- Celebrations: 3 days
- Frequency: Annual

= Kothakonda Jatara =

Festival in Telangana, India

Kothakonda Jatara or Kothakonda Veerabhadra Swamy Brahmotsavam is a festival celebrated during Makar Sankranti in the state of Telangana, India.

The Jatara begins at Kothakonda Village in Bheemadevarpalle mandal of Karimnagar district.

== History ==
Kothakonda is surrounded by picturesque hills. It is known for the famous temple dedicated to Sri Veerabhadra Swamy (an incarnation of Lord Siva). This is just 5 km away from the famous Mulkanoor village known nationwide for its cooperative movement. Former Prime Minister Mr. P.V Narasimha Rao headed this cooperative society early in his life.

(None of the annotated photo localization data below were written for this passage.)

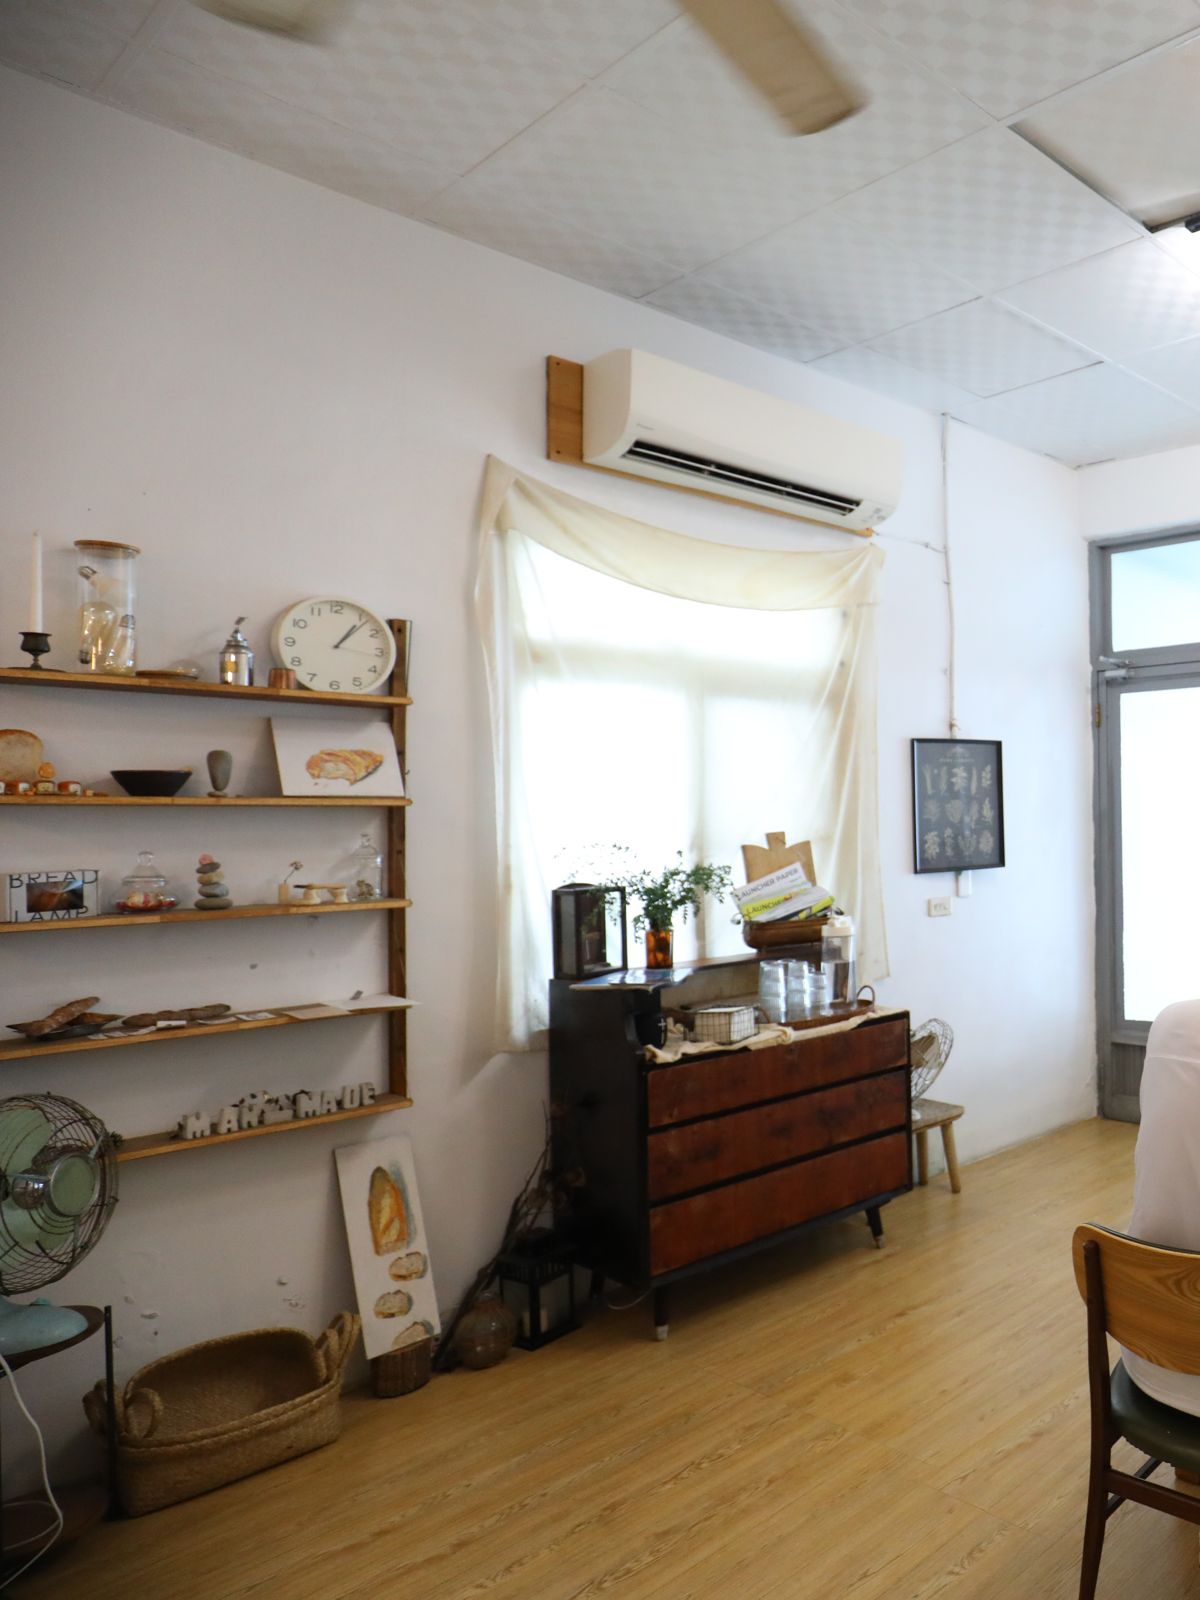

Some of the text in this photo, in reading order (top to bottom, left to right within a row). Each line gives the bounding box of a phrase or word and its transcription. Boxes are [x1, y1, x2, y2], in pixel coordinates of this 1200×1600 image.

[310, 606, 321, 617] 11
[330, 603, 344, 615] 12
[358, 613, 363, 622] 1
[293, 618, 308, 629] 10
[369, 628, 379, 639] 2
[284, 637, 296, 647] 9
[374, 647, 384, 658] 3
[291, 656, 302, 667] 8
[368, 665, 378, 674] 4
[307, 672, 318, 682] 7
[352, 676, 362, 687] 5
[329, 680, 340, 690] 6
[9, 870, 98, 889] BREAD

The rocky hill adjoining the village has ruins of a big fort with huge gateways bearing beautiful architecture, resembling that of the Kakatiyas. There are five ponds on top of the hill. Of these, two are reported to contain water even under severe drought conditions. The temple of Veerabhadra Swamy is at the foot of this hill. The three-day Kothakonda Jatara celebrated in January every year attracts thousands of pilgrims from all over the Telangana region.

==Ritual==
The temple is dedicated to the fierce-looking deity of Lord Veerabhadra Swamy along with Kethamma and Medalamma on both sides of the deity.